In Thut’s table we see with which tone (= frequency) each element resonates.

In F    : resonate the elements Nitrogen, Silica and the Iron-ion Fe3+

In C 4 : resonates almost with carbon dioxide CO2

In G#  : hydroxide OH-

In A    : electron, water, P2O5 and the moon cycle

In G    : resonate with Sulphur, Zinc, Copper, Oxygen, Helium and Hydrogen

In D    : Carbon C, Magnesium Mg, Platinum Pt, Gold Au, Sulphate SO4= and Titanium Ti. 

Nature is full of all kinds of frequency patterns and the artificial ones are added. Thut looks at the health aspects of combinations of tones. Although the 5G frequencies do not directly harmonize with D or its overtones, this frequency is sensitive as well, as D is in harmonic proportion with G and A which both resonate directly with 5G frequencies (see table above). Everything in D vibrates with G and A. The tone D resonates with G in the harmonic ratio 3/2 (fifth D:G. You get the ratio 3/2 if you divide the next octave of D (so with 2xf 285,8 = 571,6) by the f G of 381,1). So D will resonate harmonically with G because D:G = 3/2. 

According to Thut this is very relevant because it means that Oxygen (in D) resonates with Carbon (in G). Moreover, the fifth on G with D (3/2) with the next fifth (3/2) with A gives the tone in which both water H2O and the electron resonate. D:G = 1.5 ( 2×285,8 : 381,1) and A:D = 1.5 (429,6:285,8). 
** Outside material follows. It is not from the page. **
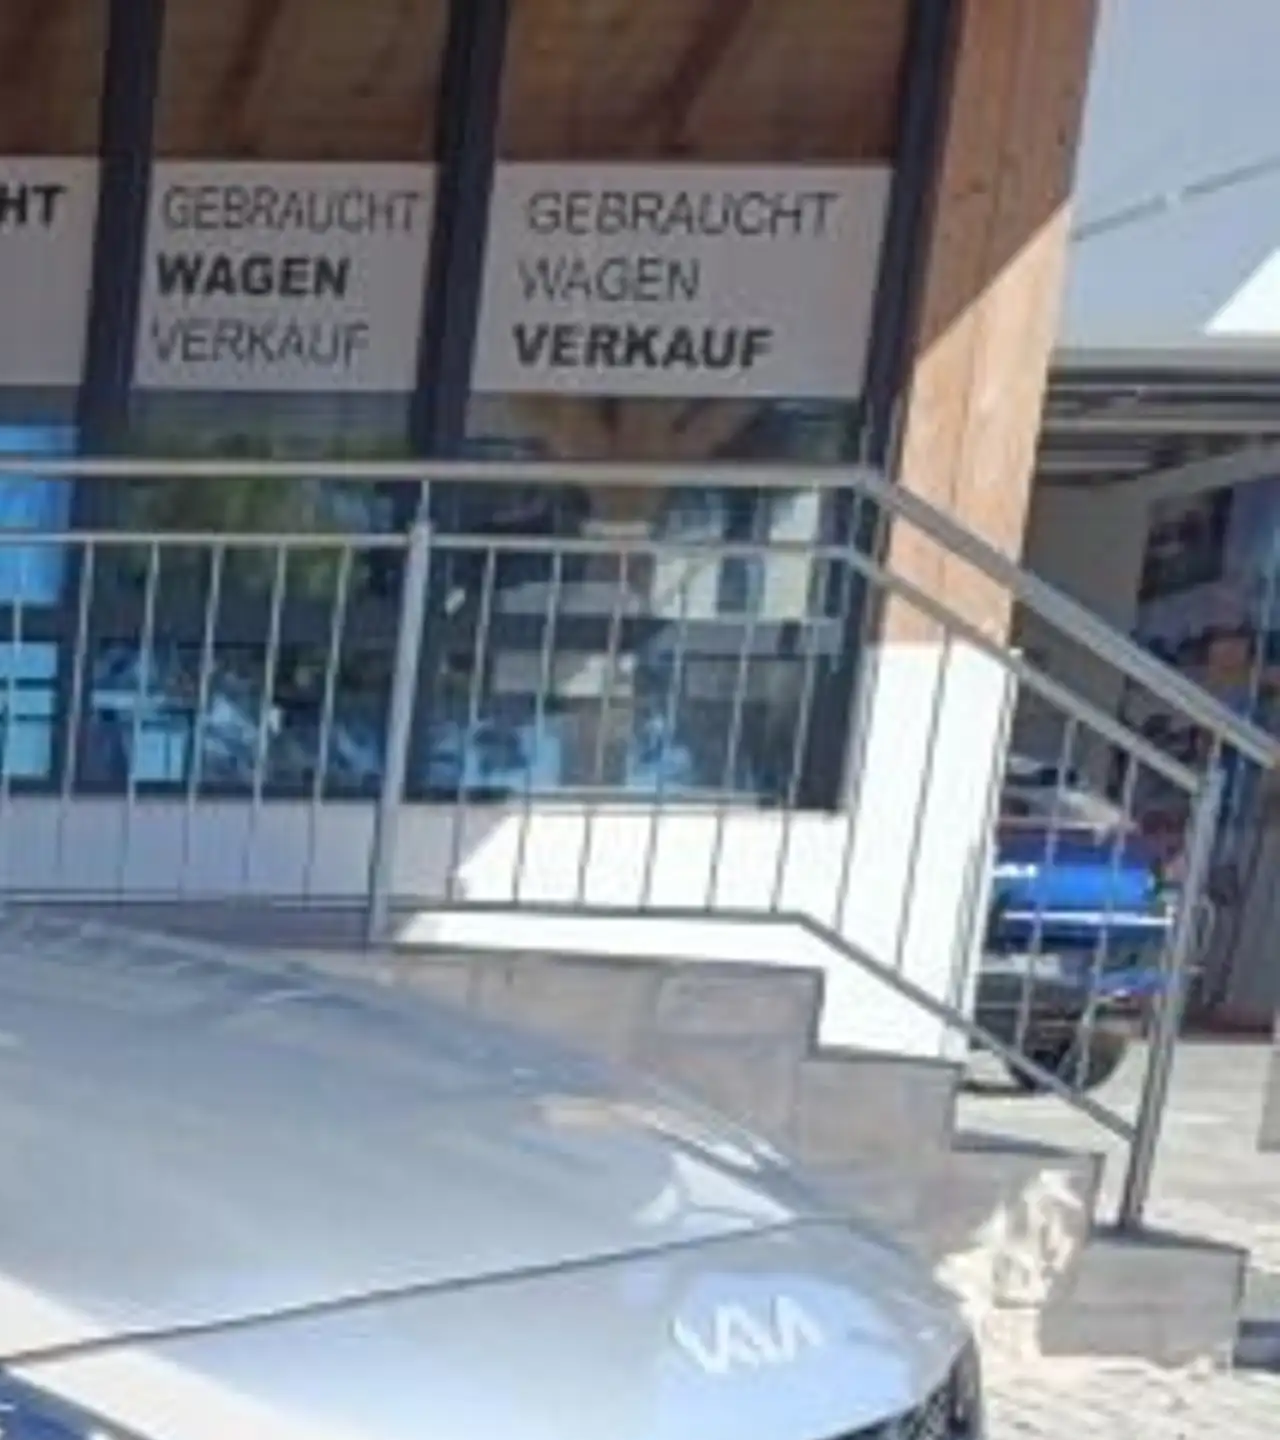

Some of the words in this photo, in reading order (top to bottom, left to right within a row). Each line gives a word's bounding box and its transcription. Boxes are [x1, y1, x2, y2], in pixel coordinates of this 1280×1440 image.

The adapted frequencies recommended by the Dutch Scientific Platform EMF thus resonate favourably with many important elements and molecules in physiological processes. This insight has not yet been put forward in any other scientific study and seems to be of great importance in the discussions about the possible effects of 5G.

6. Protein music.

Finally – a third step – a check whether or not the 5G frequencies fit with the amino acid frequencies discovered by Sternheimer. A discovery that is reliable and sound as in the agricultural sector the French organisation Genodics achieves convincing results with this technology. We know that proteins are made up of combinations of amino acids. Sternheimer discovered that the amino acids – during the formation of a protein – give off specific frequencies in a very specific sequence and that that sequence also determines the sequence in which the amino acids connect to each other. Each protein is formed from its typical combination of amino acids, so each protein has its own recognisable melody. It turns out in practice that supporting this melody with the same melody in audible music strengthens the formation of the protein in question. Sternheimer’s theory has meanwhile been practically worked out and this technology has been tested many times in farming practice and has been found to increase the robustness of crops and animals. For example, grapes treated with the appropriate melody contain 5 to 15 % more sugar and taste better according to tasting panels. 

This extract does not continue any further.